Shelly remains one of the most interesting Pfeffermans, and it remains a slight problem that Transparent only seems to see her in glimpses. The extent to which her kids keep treating her according to fairly stereotypical scripts while maintaining an open fluid dynamic with their other parent has always been a problem; it's as if Shelly's refusal to abandon the structuring script of their childhood entitles them to continue to treat her with the casual misogyny and contempt we reserve for mothers. But the show, to its credit, keeps belatedly recognizing that. Shelly takes her children to task for not asking her about her "secret," the one she mentioned in that show-stopping performance she gave in the third season. No one is curious about her, she points out. No one seems to have paid attention. "That was about me," Maura says, in a typically narcissistic moment. "No," Shelly says, "it was about me."
If Len's line about Sarah being unsatisfied could be the tagline for the season, "it's about me" could be the show's alternate title. It takes chutzpah to take your fictional family to the Middle East, recognize the region's complexities, and still make the show all about them. But that's what this series does well and honestly: It takes selfishness seriously. This series has long been criticized for the toxic narcissism of its characters, but nothing — not even a trip to Israel — can change that.

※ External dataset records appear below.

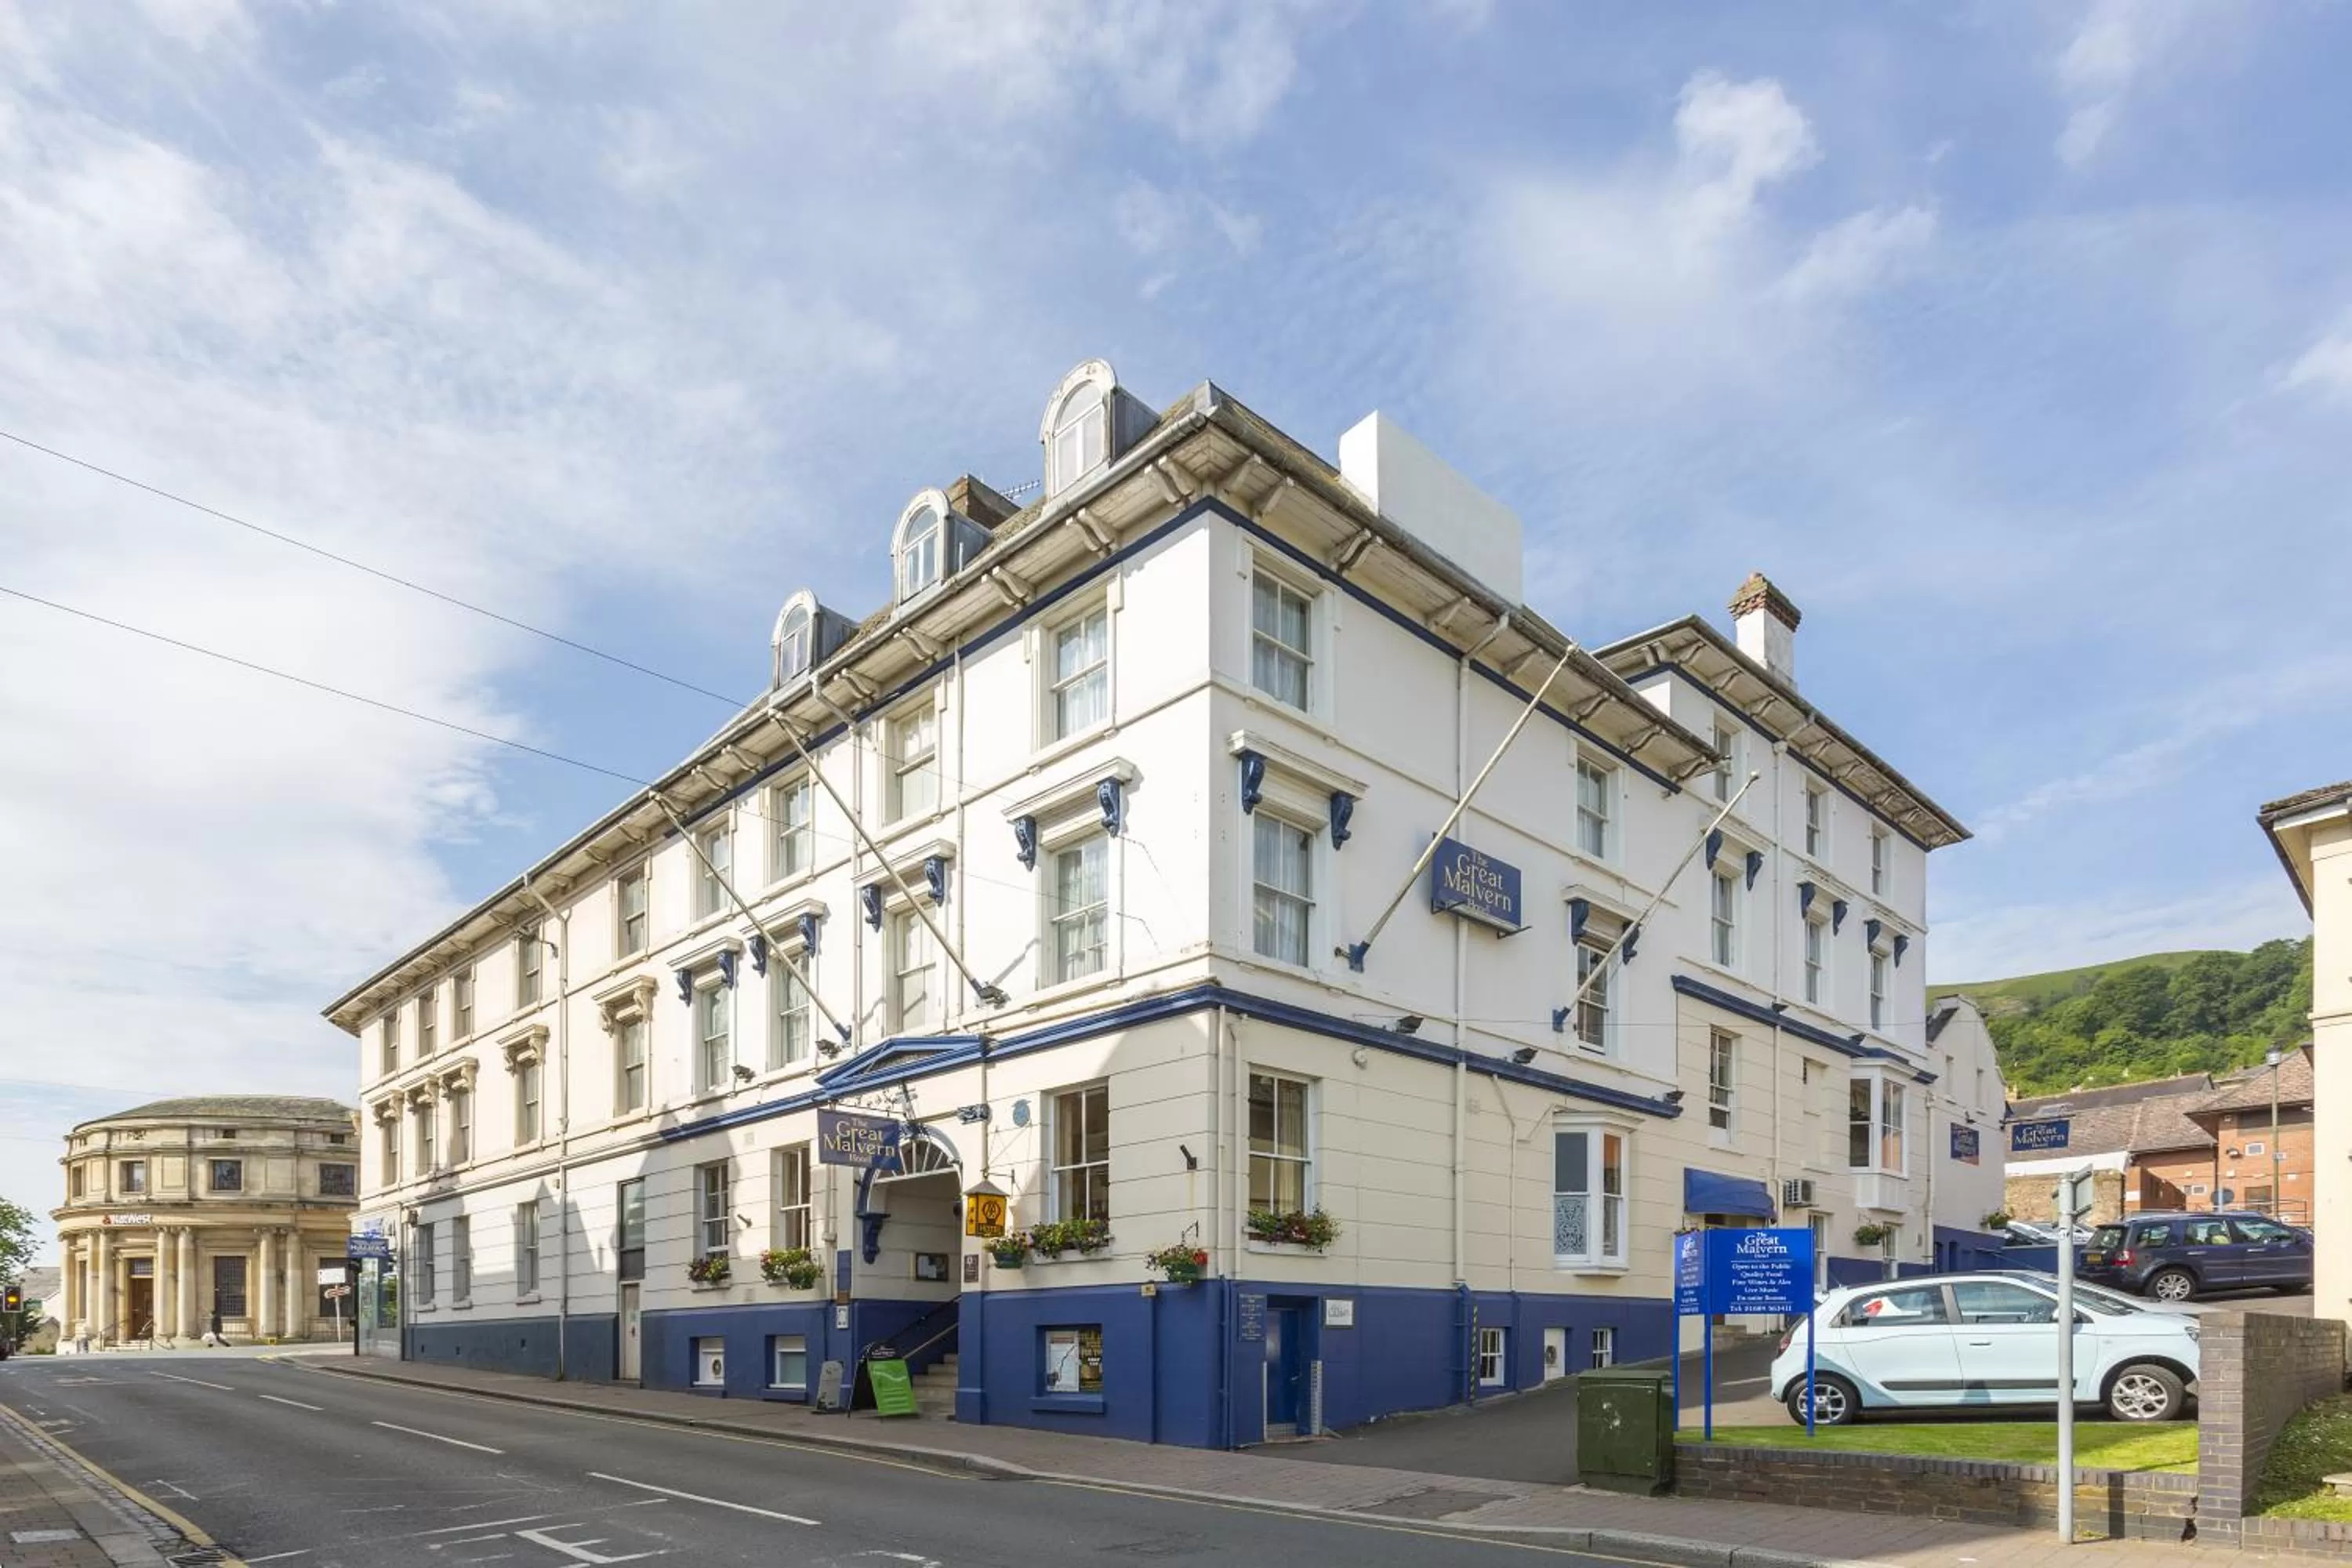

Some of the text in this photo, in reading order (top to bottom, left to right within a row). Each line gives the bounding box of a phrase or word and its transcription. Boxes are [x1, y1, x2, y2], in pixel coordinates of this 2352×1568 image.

[1457, 854, 1503, 891] Great
[1444, 865, 1512, 913] Malvern
[837, 1121, 883, 1142] Great
[2015, 1134, 2065, 1145] Malvern
[824, 1134, 895, 1156] Malvern
[112, 1214, 151, 1224] NatWest
[1736, 1243, 1788, 1253] Malvern
[1744, 1235, 1780, 1245] Great
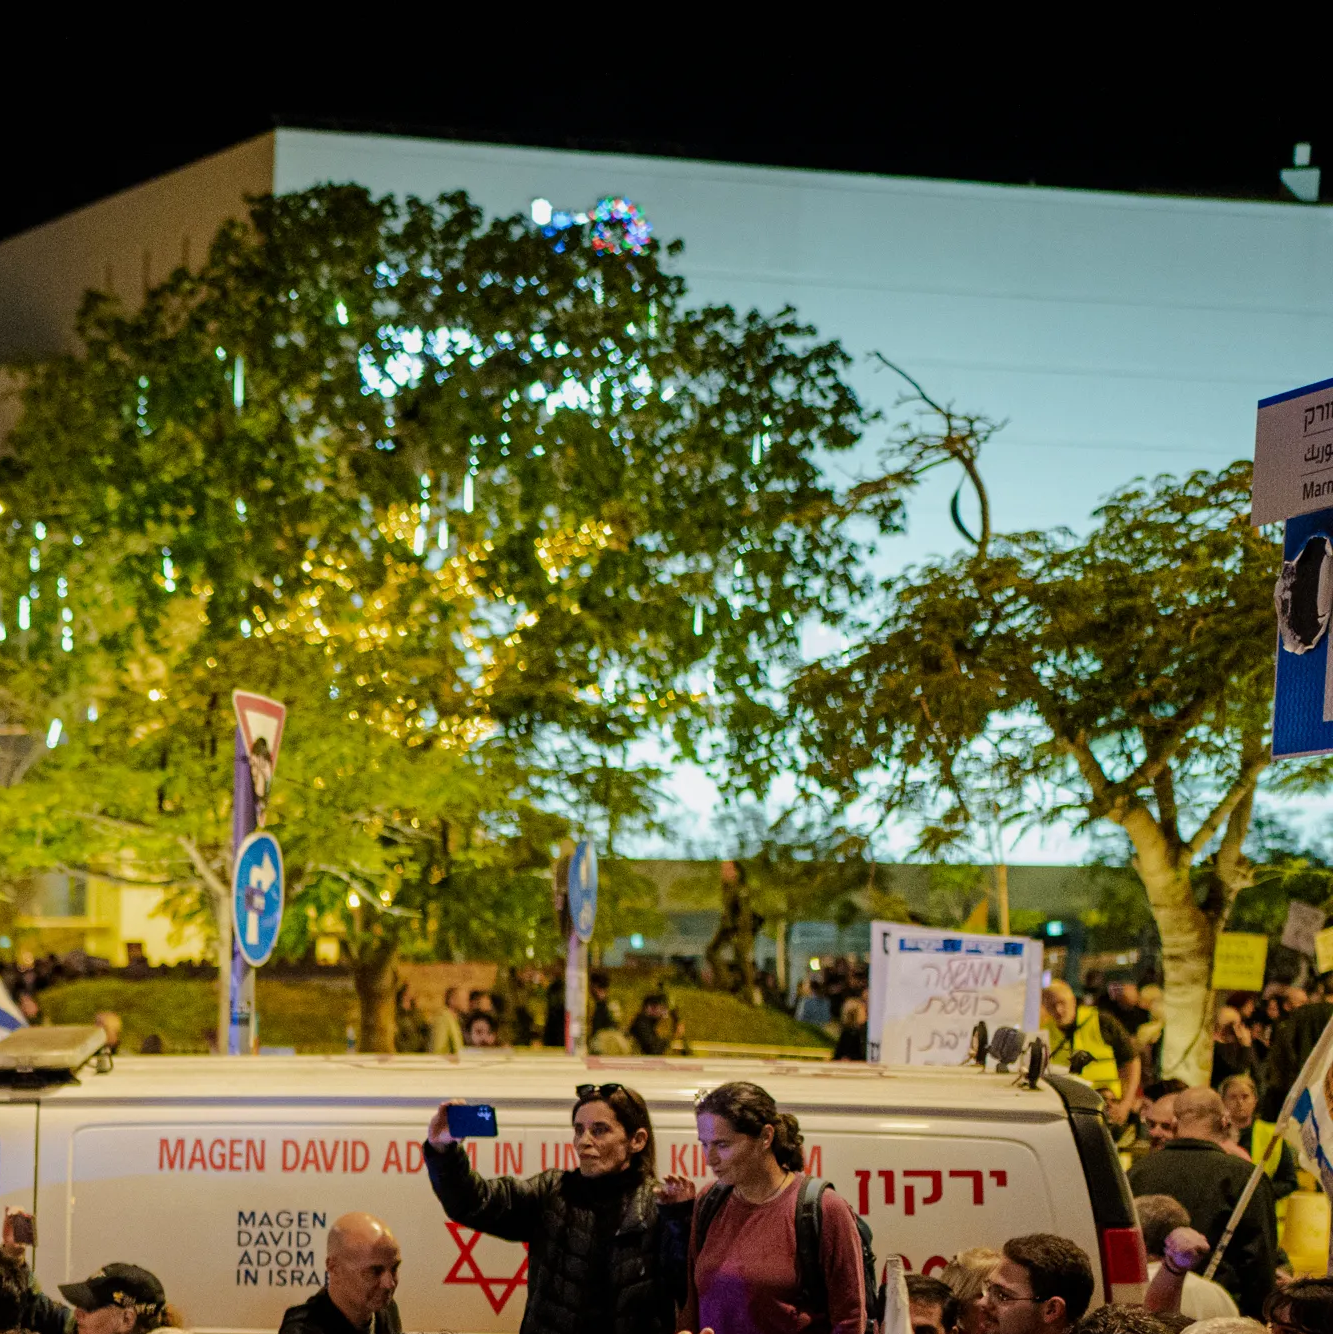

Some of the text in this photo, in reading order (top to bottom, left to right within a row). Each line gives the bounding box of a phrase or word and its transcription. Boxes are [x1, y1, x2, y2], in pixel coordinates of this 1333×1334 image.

[1303, 400, 1333, 433] ורק
[921, 958, 1004, 990] ממשלה
[159, 1138, 265, 1172] MAGEN
[282, 1139, 370, 1173] DAVID
[382, 1141, 478, 1174] ADM
[494, 1142, 524, 1176] IN
[854, 1169, 1009, 1217] ירקון
[237, 1210, 328, 1229] MAGEN
[237, 1230, 312, 1248] DAVID
[238, 1250, 316, 1267] ADOM
[236, 1269, 331, 1288] IN ISRA
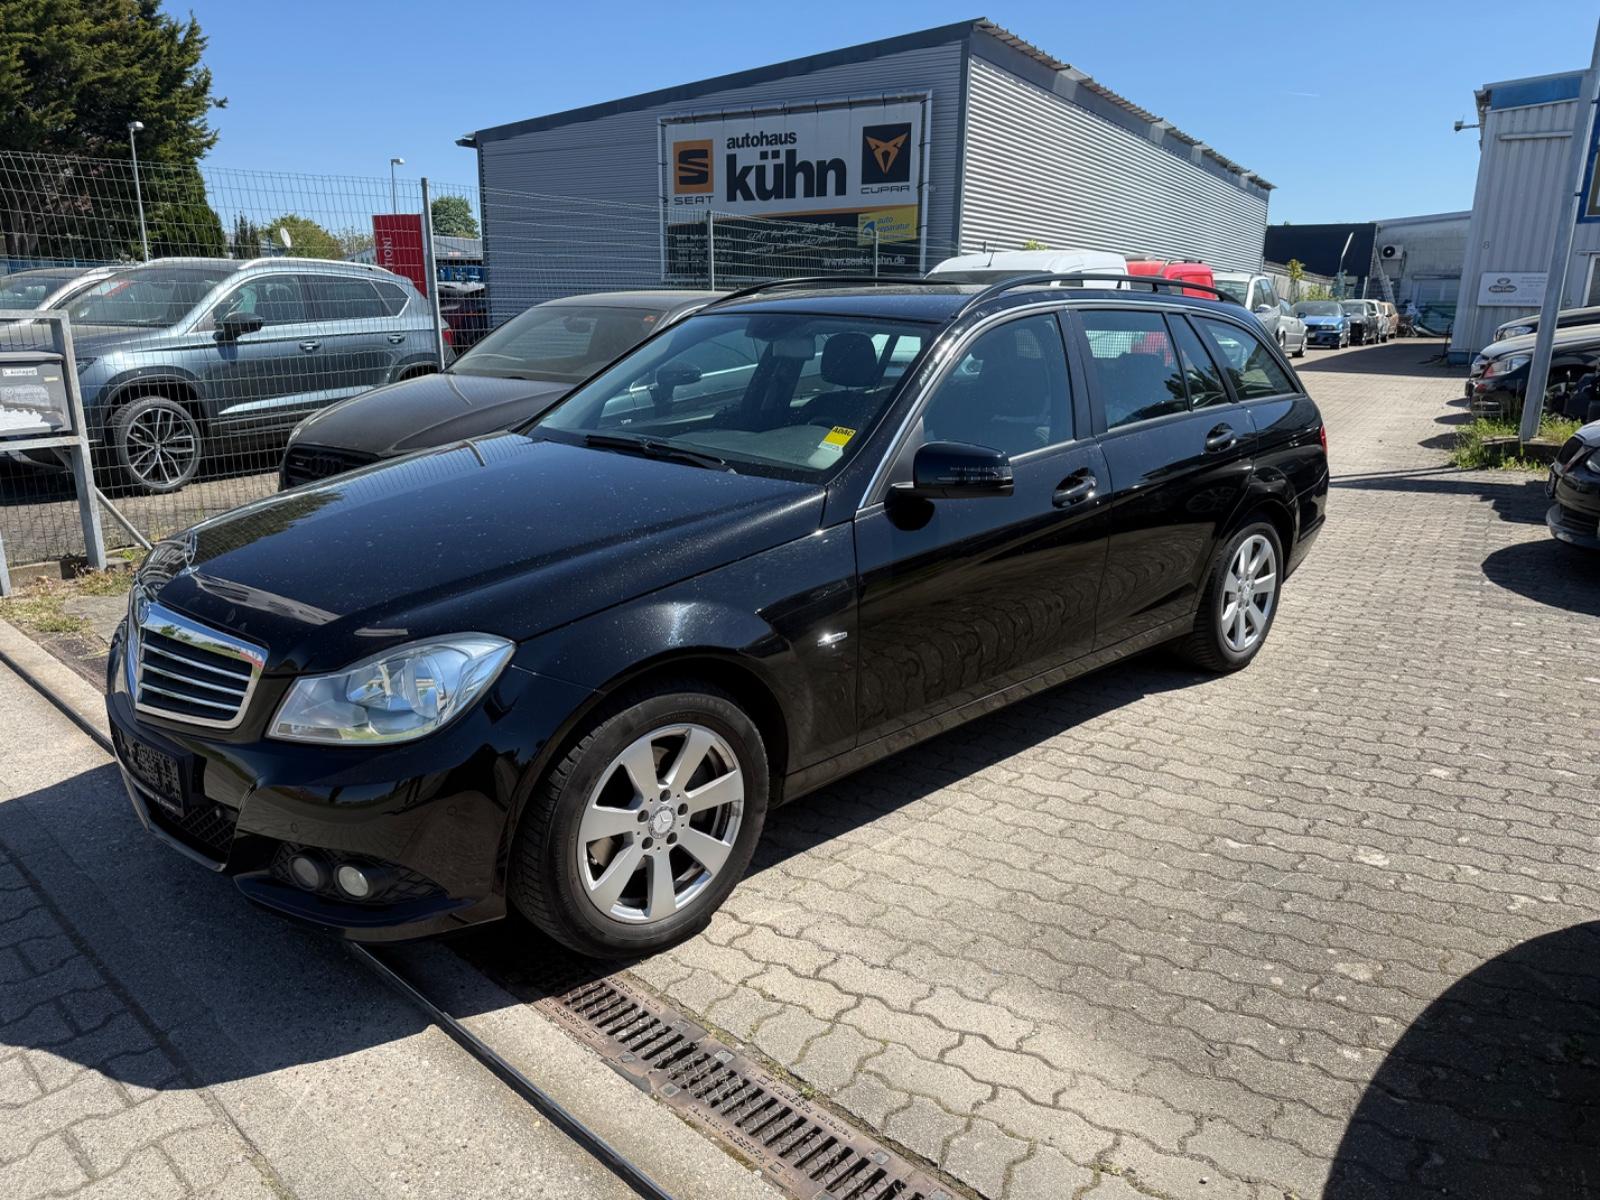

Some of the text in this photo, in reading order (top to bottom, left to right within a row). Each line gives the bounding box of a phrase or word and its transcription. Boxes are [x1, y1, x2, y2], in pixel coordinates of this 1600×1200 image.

[726, 131, 797, 149] autohaus
[726, 149, 847, 202] kühn
[860, 185, 910, 195] CUPRA
[673, 195, 714, 205] SEAT
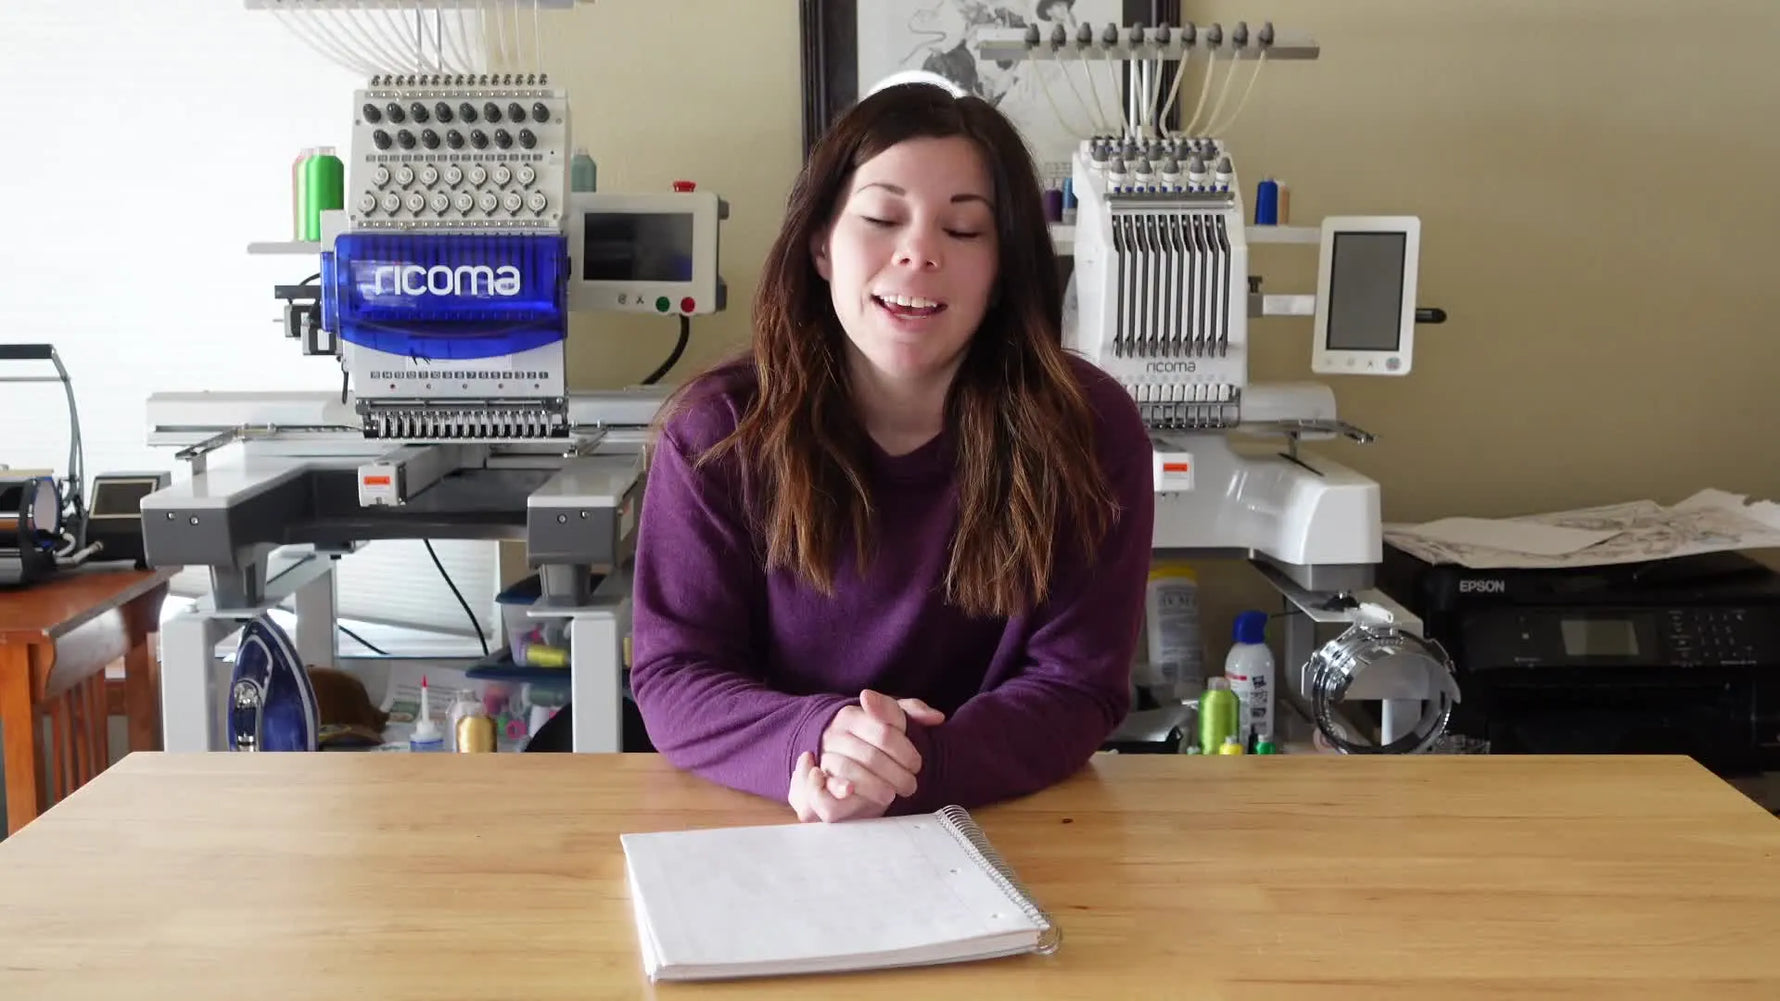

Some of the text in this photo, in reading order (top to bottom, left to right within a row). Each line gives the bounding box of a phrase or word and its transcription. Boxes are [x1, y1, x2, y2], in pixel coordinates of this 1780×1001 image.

"It's about me" is the show's main structuring truth. It's the only thing the show is unambiguous about, and in that sense, it is the show's politics. And it's the kind of unflinching admission good fiction requires — a recognition that real people are beautiful and loving and horny and truth-seeking and ugly and myopic and terrible. There's no question that this voyage of self-discovery is worthwhile, and urgent, and necessary, but Transparent is open about the fact that the flip side of self-discovery isn't necessarily political wokeness: It's self-worship.